Le pro­jet ITER est une coopé­ra­tion scien­ti­fique inter­na­tio­nale unique qui engage 35 pays dans le domaine de la fusion nucléaire : les 28 pays de l’Union euro­péenne et la Suisse, l’Inde, le Japon, la Corée, la Chine, la Sus­sie et les États-Unis. Ces 7 par­te­naires, ont mis en com­mun leurs res­sources pour réa­li­ser la construc­tion d’un réac­teur de recherche civil de fusion nucléaire à Cada­rache, dans le dépar­te­ment des Bouches-du-Rhône, en France. Les études de concep­tion de cette ins­tal­la­tion ont démar­ré en 1988, sui­vies par des phases d’études tech­niques de plus en plus pré­cises jusqu’à la vali­da­tion de la concep­tion défi­ni­tive par les membres d’ITER en 2001.
L’accord ITER a été offi­ciel­le­ment signé le 21 novembre 2006 par les sept membres d’ITER.

Quelles sont les ambitions du projet et quelles sont ces principales caractéristiques ?

L’objectif du pro­jet est avant tout de démon­trer la fai­sa­bi­li­té scien­ti­fique et tech­no­lo­gique de la pro­duc­tion d’énergie par fusion nucléaire. Pour cela, envi­ron 3 000 per­sonnes se sont mobi­li­sées pour construire la machine de fusion nucléaire par confi­ne­ment magné­tique la plus puis­sante et la plus per­for­mante jamais conçue : le toka­mak ITER.

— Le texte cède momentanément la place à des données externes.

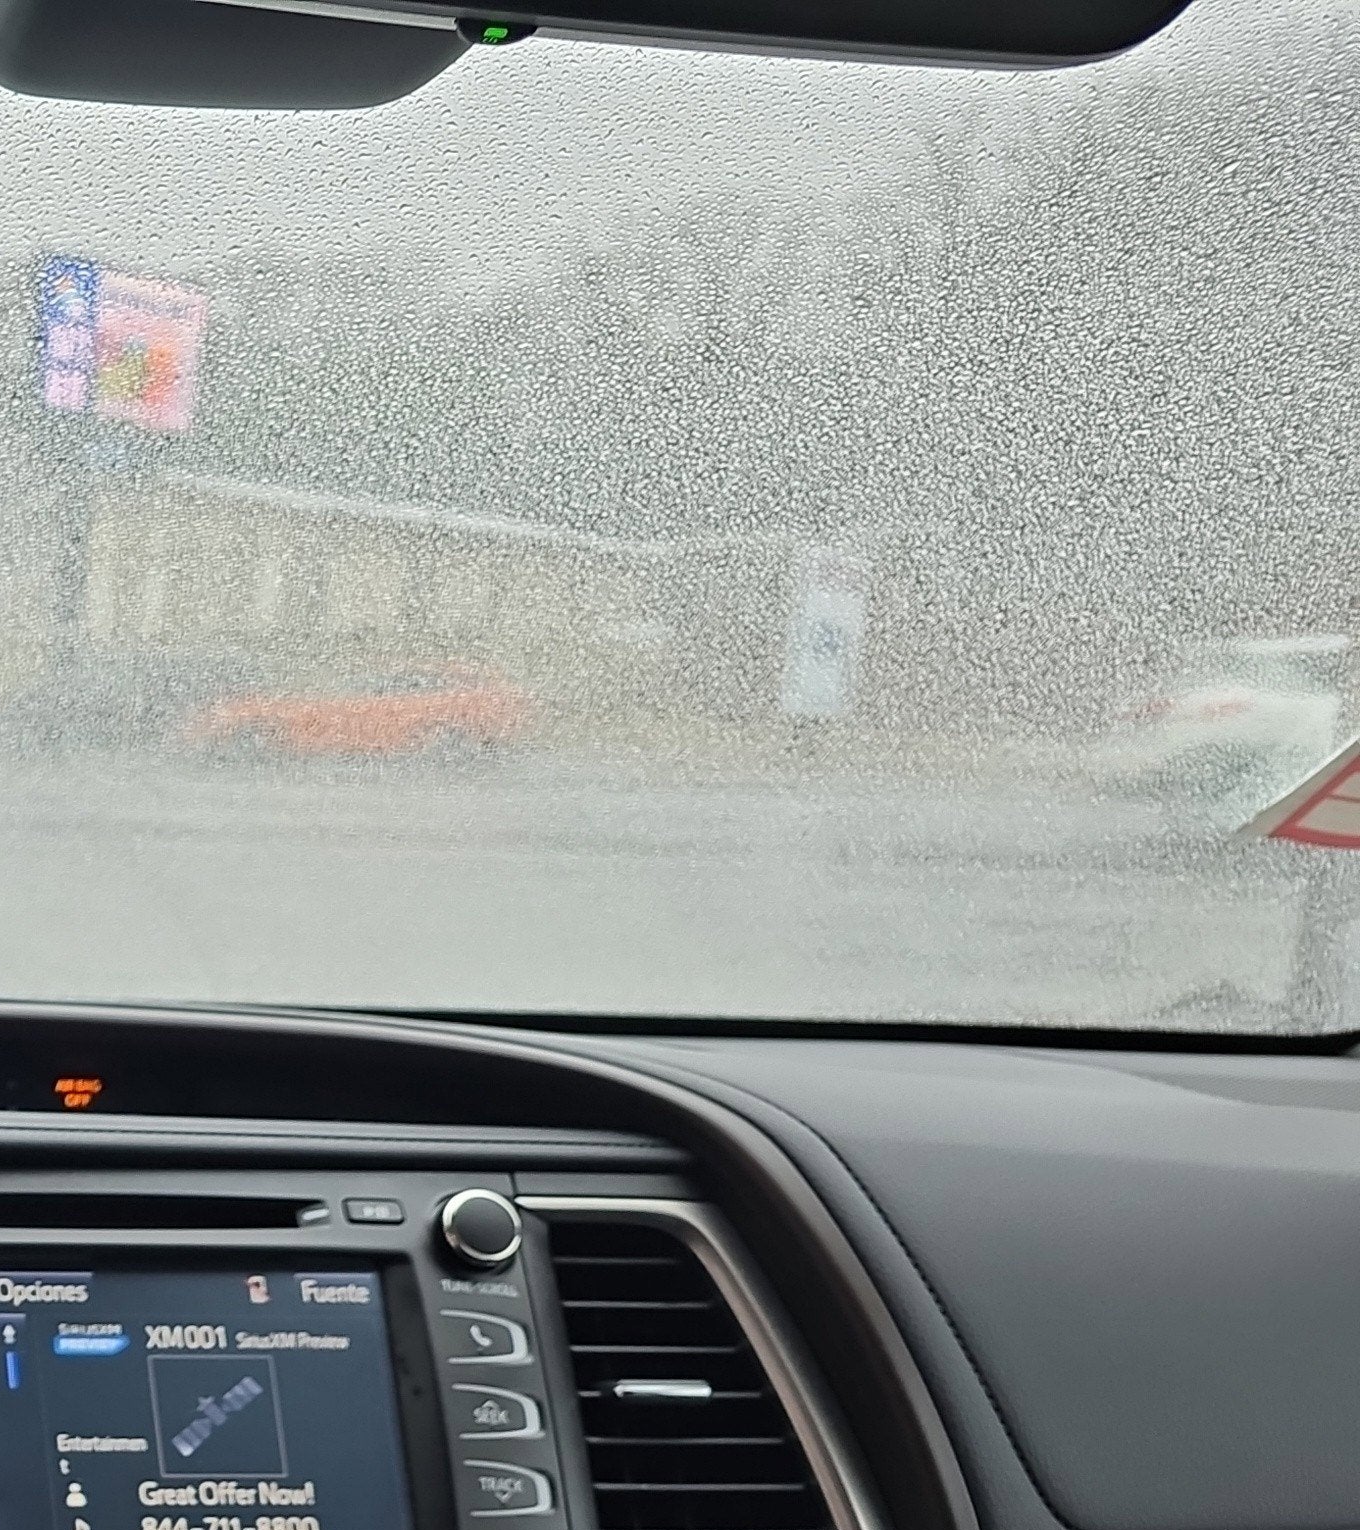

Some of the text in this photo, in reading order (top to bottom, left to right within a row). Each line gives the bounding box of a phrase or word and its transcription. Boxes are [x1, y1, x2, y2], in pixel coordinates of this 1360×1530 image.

[300, 1279, 371, 1303] Fuente
[145, 1325, 227, 1349] XM001
[138, 1481, 316, 1506] Great Offer Now!

Nous sou­hai­tons pou­voir pro­duire 500 MW de puis­sance ther­mique pen­dant une dizaine de minutes pour une puis­sance injec­tée de 50 MW grâce à la fusion de noyaux de deu­té­rium et de tritium.

Ain­si, la machine vise à démon­trer le prin­cipe de pro­duire dix fois plus de puis­sance ther­mique à par­tir du pro­ces­sus de fusion que celui uti­li­sé pour chauf­fer le plas­ma, ce qui n’a pas encore été réa­li­sé dans un réac­teur de fusion. Dans ce cadre, pour mener à bien notre mis­sion, des dis­po­si­tifs de concep­tion unique sont mis en place. En effet, le pro­jet ITER se carac­té­rise par des com­po­sants remar­quables, notam­ment la chambre à vide, une struc­ture toroï­dale en acier, entiè­re­ment sou­dée dont la masse avoi­sine celle de la Tour Eif­fel, et qui est l’un des élé­ments centraux.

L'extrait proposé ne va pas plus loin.